• [Task statement]: All lines from the one with "Some of the text" to the end of the entries below must be written out exactly. Leave out any other line.
─── Extracted material
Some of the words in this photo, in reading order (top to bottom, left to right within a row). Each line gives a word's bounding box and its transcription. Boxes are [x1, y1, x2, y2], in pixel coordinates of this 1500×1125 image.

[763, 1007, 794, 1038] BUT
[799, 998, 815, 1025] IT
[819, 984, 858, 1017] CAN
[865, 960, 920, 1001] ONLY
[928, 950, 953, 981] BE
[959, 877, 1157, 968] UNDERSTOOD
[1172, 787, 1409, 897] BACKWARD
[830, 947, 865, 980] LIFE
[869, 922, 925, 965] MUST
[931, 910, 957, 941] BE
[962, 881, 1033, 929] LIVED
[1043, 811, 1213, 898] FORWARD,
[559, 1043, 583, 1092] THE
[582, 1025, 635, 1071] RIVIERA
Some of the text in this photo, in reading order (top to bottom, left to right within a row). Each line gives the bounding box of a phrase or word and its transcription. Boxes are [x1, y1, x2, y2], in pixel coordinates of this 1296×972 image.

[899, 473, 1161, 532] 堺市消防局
──────
• [Finished task]:
Some of the text in this photo, in reading order (top to bottom, left to right within a row). Each line gives the bounding box of a phrase or word and its transcription. Boxes are [x1, y1, x2, y2], in pixel coordinates of this 1296×972 image.

[899, 473, 1161, 532] 堺市消防局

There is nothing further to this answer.